Most comics publisher’s efforts have been directed financially assisting those that have been arrested for exercising their right to protest injustice and brutality. Before and during the arraignment process, defendants need legal representation to get the best advice on navigating their plea and bail options. The costs of this can quickly add up. Black Mask Studios are one of the stand out examples of publishers that put their money where their mouth is; they pledged 100% of all online sales toward bail funds. IDW created a Humble Bundle of comics by Black creators, raising more than $196,000 for organizations that included The Bail Project.    

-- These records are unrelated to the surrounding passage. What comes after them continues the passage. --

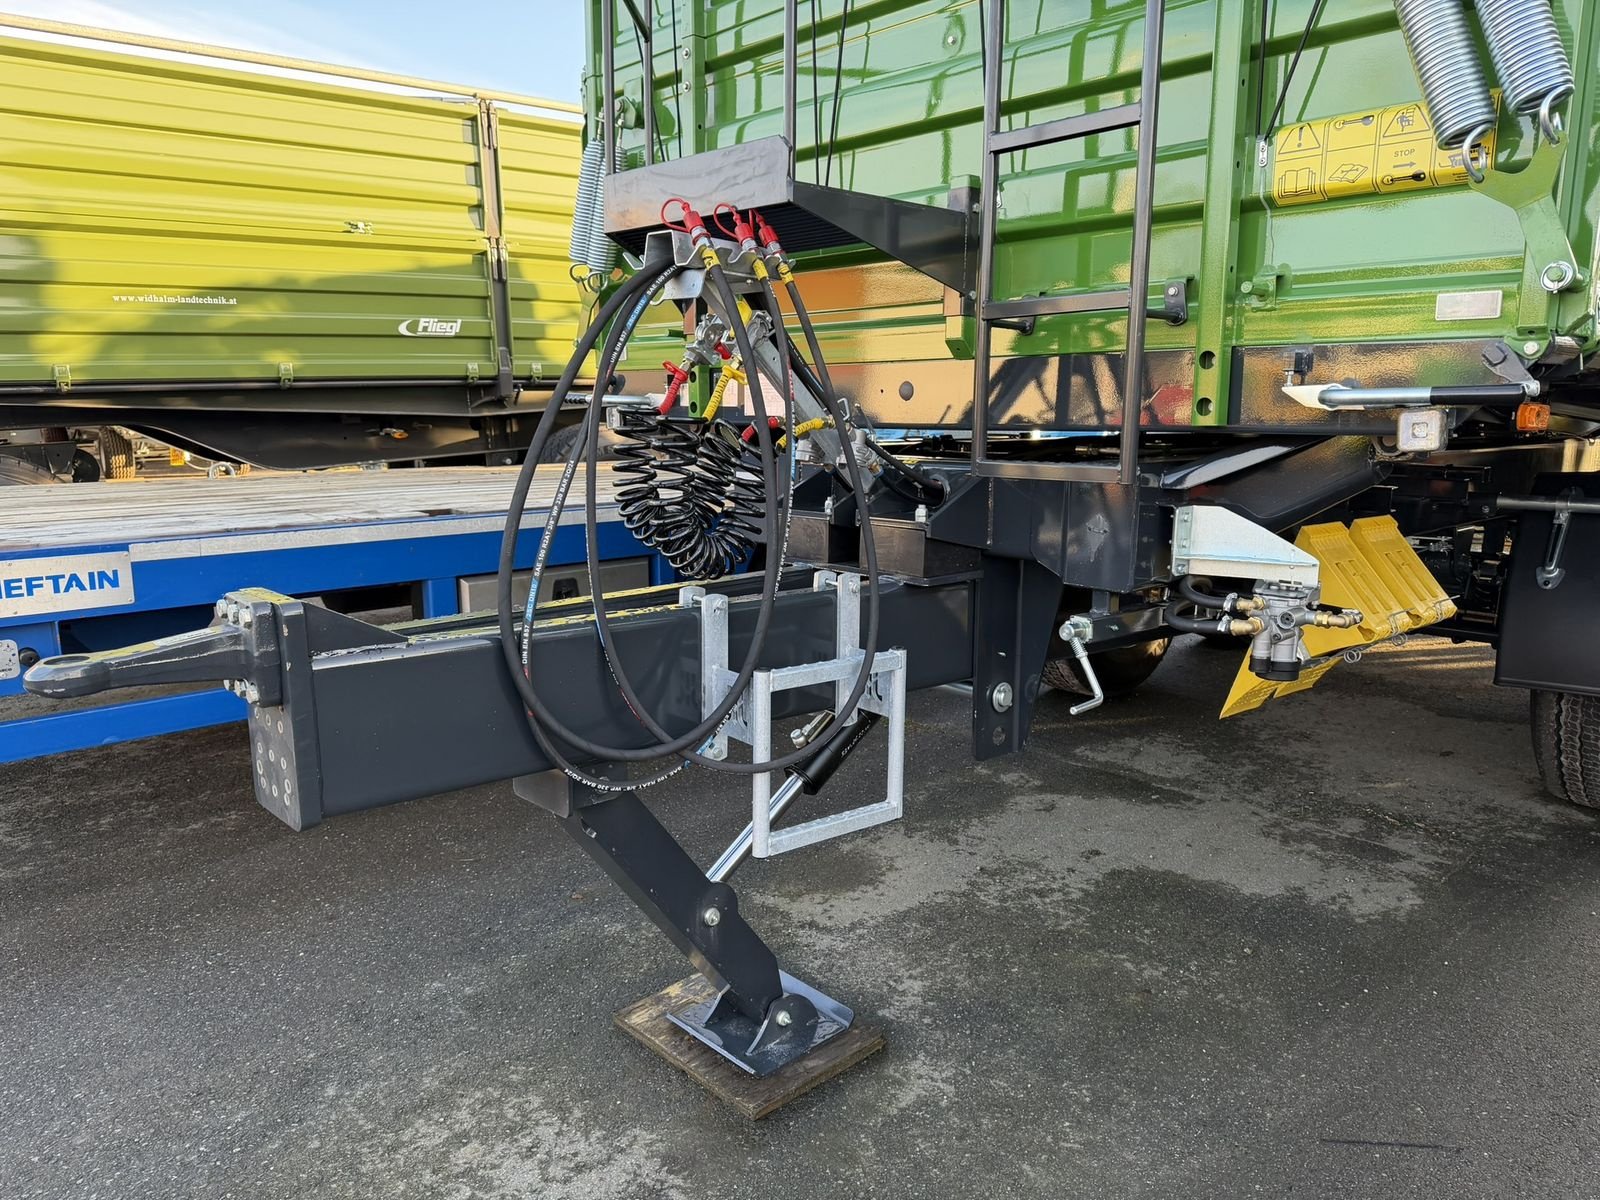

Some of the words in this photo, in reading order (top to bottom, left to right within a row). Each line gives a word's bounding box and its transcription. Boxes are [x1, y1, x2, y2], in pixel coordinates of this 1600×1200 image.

[1394, 149, 1415, 158] STOP
[112, 294, 238, 305] www.widhalm-landtechnik.at
[418, 318, 461, 336] Fliegl
[560, 478, 568, 492] BAR
[543, 531, 551, 548] R2AT
[538, 549, 546, 560] 100
[534, 562, 543, 576] SAE
[0, 569, 119, 599] EFTAIN
[522, 637, 528, 649] EN
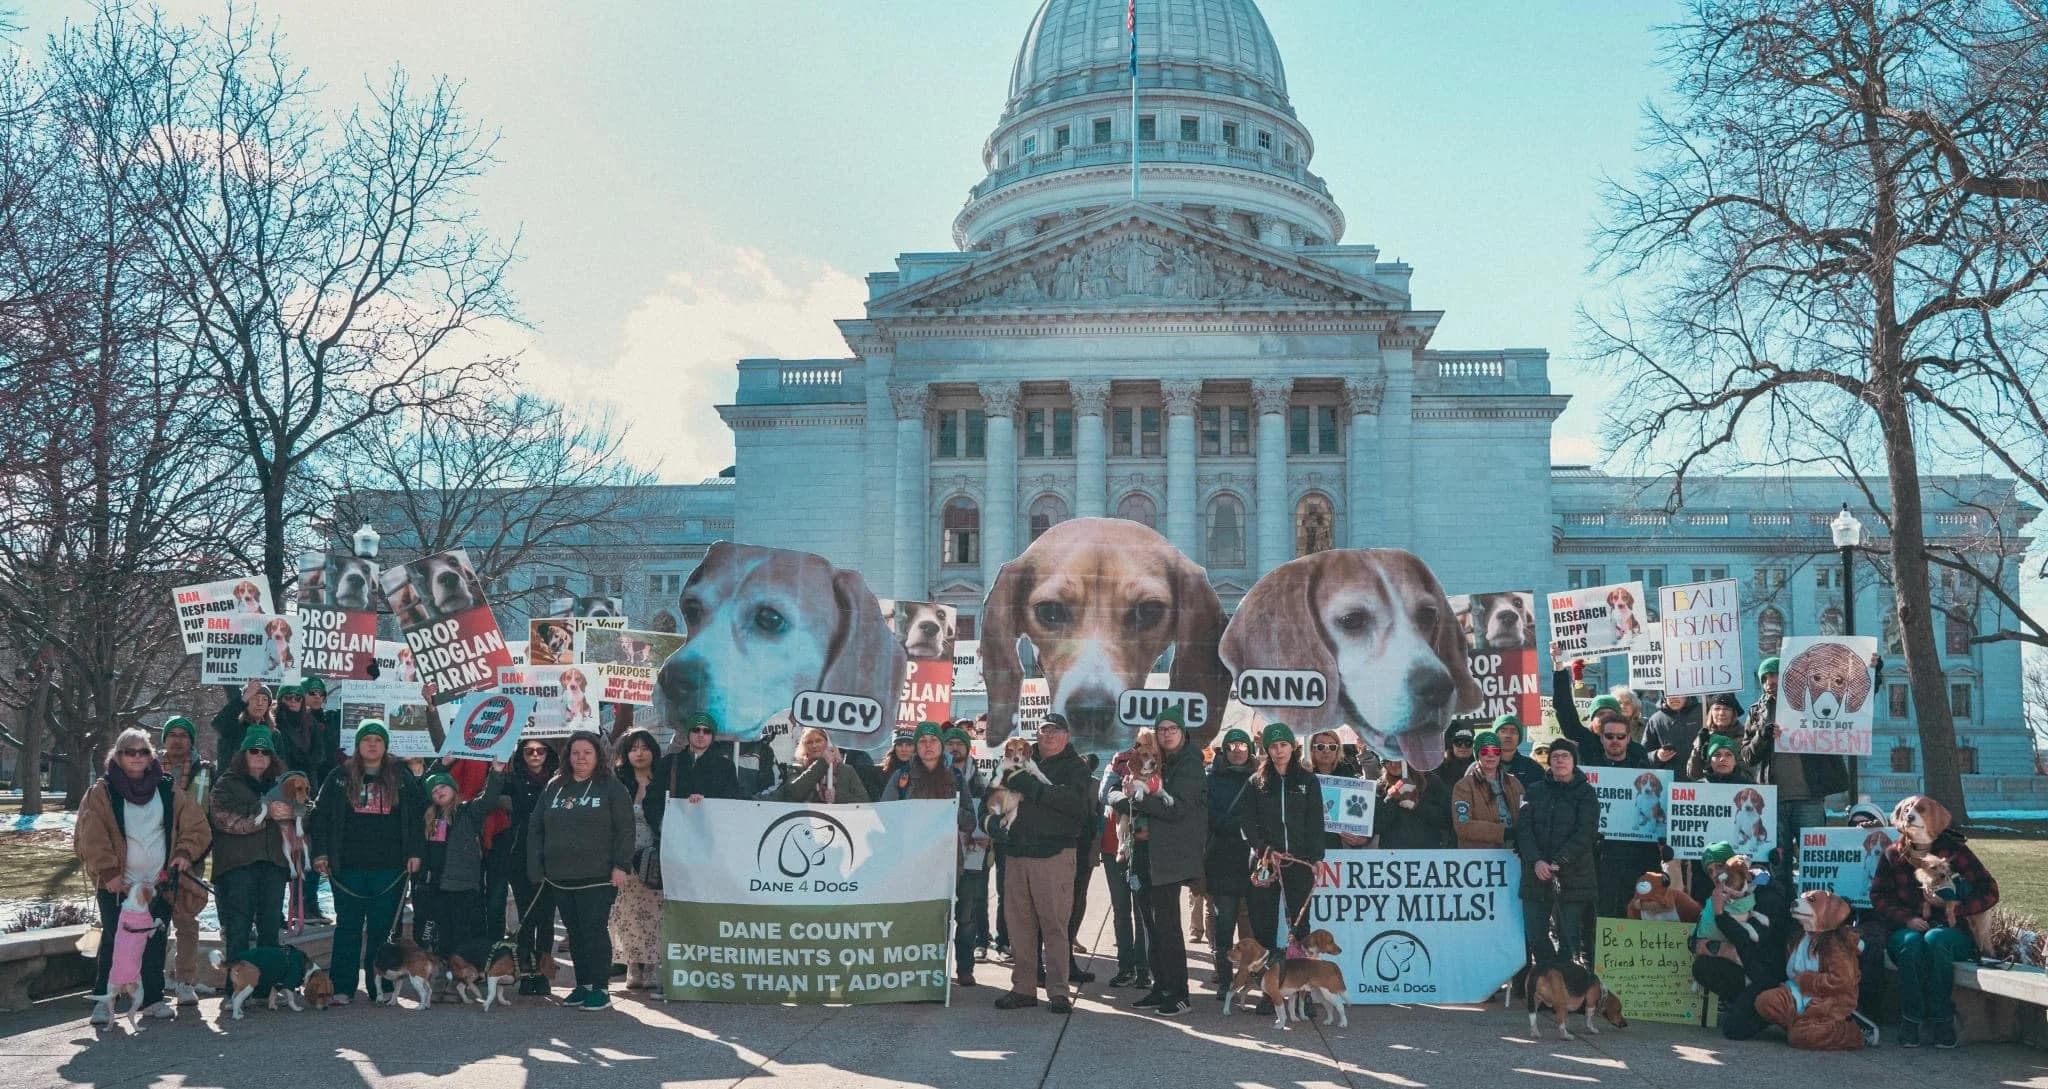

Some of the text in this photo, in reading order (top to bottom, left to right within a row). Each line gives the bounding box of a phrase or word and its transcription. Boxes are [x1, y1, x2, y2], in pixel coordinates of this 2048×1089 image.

[177, 591, 200, 604] BAN
[1552, 597, 1573, 609] BAN
[1673, 586, 1726, 611] BAN
[299, 608, 347, 630] DROP
[1554, 606, 1607, 623] RESEARCH
[207, 618, 230, 630] BAN
[1555, 623, 1588, 637] PUPPY
[1664, 611, 1740, 637] RESEARCH
[206, 632, 263, 645] RESEARCH
[406, 619, 460, 653] DROP
[416, 629, 505, 674] RIDGLAN
[1558, 638, 1588, 651] MILLS
[1680, 640, 1725, 662] PUPPY
[206, 647, 242, 660] PUPPY
[1632, 654, 1663, 666] PUPPY
[205, 662, 238, 674] MILLS
[606, 665, 651, 679] PURPOSE
[1633, 667, 1662, 678] MILLS
[501, 672, 524, 684] BAN
[608, 678, 626, 689] NOT
[1676, 664, 1732, 689] MILLS
[604, 688, 622, 699] NOT
[1241, 676, 1324, 700] ANNA
[800, 698, 877, 728] LUCY
[1799, 719, 1854, 730] I DID NOT
[1776, 727, 1872, 753] CONSENT
[1596, 787, 1633, 800] EARCH
[1671, 788, 1696, 801] BAN
[1671, 803, 1732, 818] RESEARCH
[1671, 820, 1709, 833] PUPPY
[1670, 835, 1705, 848] MILLS
[1804, 834, 1827, 847] BAN
[1803, 849, 1862, 863] RESEARCH
[1346, 861, 1508, 888] RESEARCH
[1802, 866, 1839, 879] PUPPY
[798, 880, 809, 892] 4
[1312, 892, 1496, 922] UPPY MILLS!
[719, 921, 894, 940] DANE COUNTY
[1602, 928, 1684, 949] Be a better
[667, 943, 832, 967] EXPERIMENTS
[839, 947, 876, 966] ON
[1603, 953, 1635, 968] Friend
[1640, 955, 1653, 966] to
[672, 969, 945, 993] DOGS THAN IT ADOPTS
[1393, 983, 1400, 993] 4

Among the many alarming trends throughout the protests has been the violent police response to peaceful activism. Alongside legal costs arising from enacting their first amendment rights, protesters also face medical costs due to this excessive force. This creates additional burden in the form of medical bill debt for the uninsured, with protesters forced to find ways to pay these bills or negotiate terms. Some publishers have been actively working with organizations that contribute to funds for these kinds of ancillary costs. Creators of the Eisner-nominated Contact High announced that 50% of the sales of the book would head to Peoples City Council Freedom Fund, which helps to pay medical and transportation costs of injured protesters.         

Meaningful Change

Drawing attention and providing funding are both important components in ensuring BLM and movements like it can keep momentum. However, the support that the comics community provides can only be truly valuable if it is backed by sustainable actions. Are publishers and creators examining their own industry and making changes accordingly? 

It’s no secret that the employee demographic in publishing is overwhelmingly white. Since the Floyd and Taylor murders, very few publishers have started to make serious attempts at redressing the imbalance in their practices. Perhaps most vocal has been Archie Comics co-president Alex Segura, who issued an invitation to Black creators to consider working with them. The company has also been looking at how it can act in ways that are more than merely performative.   

The community itself seems to have taken up the mantle here, and demonstrated commitment to lifting up black creators, and directing eyes to their work. The Black Caucus American Library Association (BCALA) and the American Library Association (ALA) have jointly released a reading list of comics not only by Black creators, but also showcasing black experiences. Geek media websites in general have also been presenting their own reading lists and spotlights on artists and writers of color. There has also been a push on social media, and the press to support black-owned comics businesses such as publishers and bookstores.


The protests surrounding the Black Lives Matter movement are a vital component in demanding change from a society that allows continued oppression of people based on race. Comics publishers have taken some small steps in supporting the movement, through statements and fundraising. However, it is not clear that their support will be anything more than performative and brief.

Perhaps with greater pressure from its readers, publishers will take meaningful steps to show that they genuinely believe that Black Lives ABSOLUTELY Matter.